The Soundtrack of My Youth

Sunday, March 26, 2006

The music that moulded my character



I became a demented music freak from the time I got my first guitar at the age of 14. Growing up on a diet of mainly British rock in the '70s in Prai, a small railway town in the northern part of Malaysia, I was pretty much on my own, except for a few friends who seemed to like the same kind of music I was into.

We dug Black Sabbath, Deep Purple, Uriah Heep, Manfred Mann's Earth Band and other pioneering rock bands. And as our tastes evolved, we started getting into Emerson, Lake and Palmer, Yes, Genesis, the Strawbs, Rick Wakeman and some pretty weird shit (the Sparks, Captain Beefheart...).

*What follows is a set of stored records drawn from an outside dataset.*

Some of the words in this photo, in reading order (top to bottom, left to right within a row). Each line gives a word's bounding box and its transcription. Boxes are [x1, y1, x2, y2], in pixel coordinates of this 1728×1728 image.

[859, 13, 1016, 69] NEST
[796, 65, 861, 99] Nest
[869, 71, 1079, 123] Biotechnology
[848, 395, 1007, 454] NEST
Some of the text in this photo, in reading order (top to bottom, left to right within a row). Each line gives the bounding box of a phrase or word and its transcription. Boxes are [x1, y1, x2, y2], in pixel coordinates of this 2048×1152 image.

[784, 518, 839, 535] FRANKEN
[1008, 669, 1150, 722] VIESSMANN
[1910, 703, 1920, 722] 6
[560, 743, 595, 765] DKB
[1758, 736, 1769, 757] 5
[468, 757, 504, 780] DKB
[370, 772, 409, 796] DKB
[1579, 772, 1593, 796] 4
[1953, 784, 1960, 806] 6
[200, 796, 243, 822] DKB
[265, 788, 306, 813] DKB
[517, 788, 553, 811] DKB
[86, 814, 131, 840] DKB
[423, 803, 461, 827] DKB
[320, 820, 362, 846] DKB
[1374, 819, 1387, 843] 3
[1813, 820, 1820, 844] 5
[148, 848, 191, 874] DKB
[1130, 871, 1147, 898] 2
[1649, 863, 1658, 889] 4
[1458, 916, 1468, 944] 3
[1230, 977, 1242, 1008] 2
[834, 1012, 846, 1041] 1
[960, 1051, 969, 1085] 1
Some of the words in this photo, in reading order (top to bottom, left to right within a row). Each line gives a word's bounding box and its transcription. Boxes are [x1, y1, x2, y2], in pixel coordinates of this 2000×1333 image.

One of the first LPs I bought to play on my spanking-new JVC quadraphonic system was ELP's 'Brain Salad Surgery'. It a constant source of excitement for many years. Another LP that never failed to give excitations was the Strawbs's 'Hero and Heroine'. I also got quite a sustained kick out of Rory Gallagher's 'Sinner... and Saint', Rick Wakeman's 'The Six Wives of Henry VIII' and Led Zeppelin's third album (all bought with wages from a factory job during school vacation) .

OK, OK... I don't want to turn this into a nap-inducing longueur so I'll just end here by saying that the whole point of this blog is to turn you onto the albums that provided me respite from the misery of life in a small town.